I have a thing about floating. Obviously, a lot of people do or they wouldn’t have those awesome float places. As a sensitive person, sensory deprivation is really good for me from time to time. The girls and I have been swimming once a week at the Y all summer. A lot of our summer rhythms had to be re-thought with COVID in mind. I’ve been surprised at how much joy and rest that hour has come to provide through all the turmoil that is 2020. Cue the memes.
Yesterday, the jets were on and I spent the whole hour letting them push me around the pool. I don’t know about you, but this year has felt like a lot of pushing. I have felt swept away and pushed around again and again. My plans, my expectations, my ideas have just been shoved out of the way to make space for high levels of unpredictability and frankly, chaos. I imagine many people have felt this considering the global pandemic, national race-related protests, and the current fires all over the west coast.
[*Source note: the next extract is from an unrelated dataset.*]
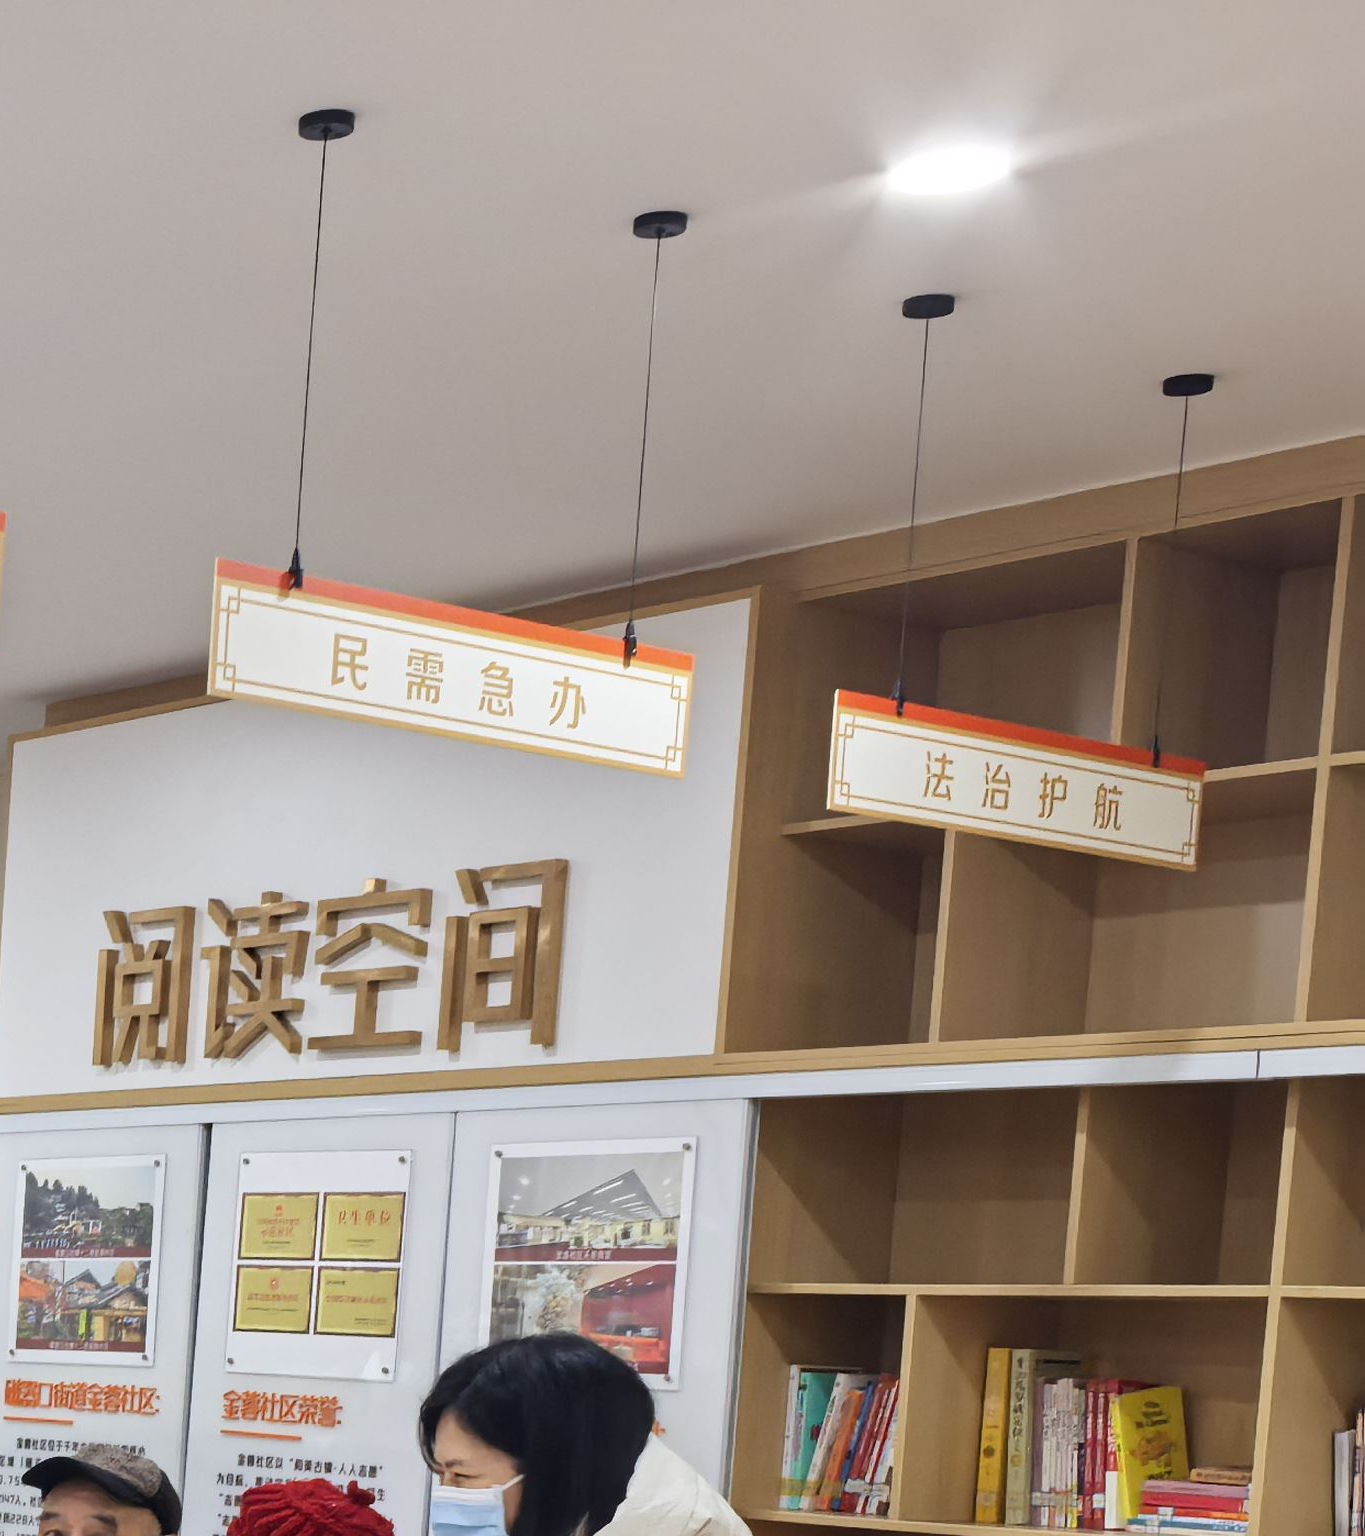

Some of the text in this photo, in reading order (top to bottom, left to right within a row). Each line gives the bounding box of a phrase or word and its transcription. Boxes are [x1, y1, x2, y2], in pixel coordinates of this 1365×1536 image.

[330, 633, 587, 729] 民需急办
[922, 751, 1125, 832] 法治护航
[92, 858, 570, 1068] 阅读空间
Not to mention personal losses.
I tend to be a person of strategy and vision. My intuition makes me the one in my family and in my relationships who often sees the bigger picture, the long game of life. One of the deepest losses I’ve experienced this year is the inability to hold onto a larger plan, a longer vision than the here and now. In some ways, I think this loss has afforded me the space to really be present. It has also felt incredibly disorienting and discouraging. I’ve felt lost a lot and that is not a common feeling for me.
And so, releasing myself to the experience of floating in a pool of great turmoil, with the roar of the jets in my ears, truly felt representative of what this year has been for me and for many. The process of submission to chaos was surprisingly, a relief. Trying to fight my way through the wild, to control it and box it in for my own sense of safety and well-being, is so exhausting. And this year has shown me, sometimes is really, really doesn’t work.
What I felt when I was floating was this sense of being held up. And I think that has always been my desire when I release control, when I stop trying to manage everything. I used to think that holding up was a God who controlled and directed everything in my life. I used to believe the tropes about everything happening for a reason and God not giving me more than I can handle. Removing those bumpers (or you could call them blinders, but we’re a bowling family), I found myself being held up in a way that felt truer than ever, more honest than I’ve ever been to myself or the One that I still believe in.
No matter what happens in my life and in my world, if even the worst things I can imagine happen, I can trust that with community and self-empathy, with the resources of the love of God and the beauty of nature, I can find my way, my God, my self, and love still.
It takes a village, so to speak, to process true tragedy. But humans can do it and do it well all the time. We can hold all our feelings and not judge them, not stifle them, not let them ravage us in a way that leaves us terrorized, but to truly give them a voice and let them teach us. Let them teach us about ourselves, God, life, and others. As Glennon Doyle says, pain is our greatest teacher.
I want to release myself to the fullness of life. That doesn’t happen if I spend my time fighting the chaos. The full human experience includes a shit ton of pain. I want to experience the wealth of my emotional depth, not just the “good” ones. I want to live in a way that embraces this process rather than constantly trying to manage myself, my life, and my circumstances.
What if even the worst possible things happen and the sun continues to rise? My sun here in the Pacific Northwest is a ball of neon fire right now in the midst of a very smoky, stinky sky. But it keeps rising. And so will we.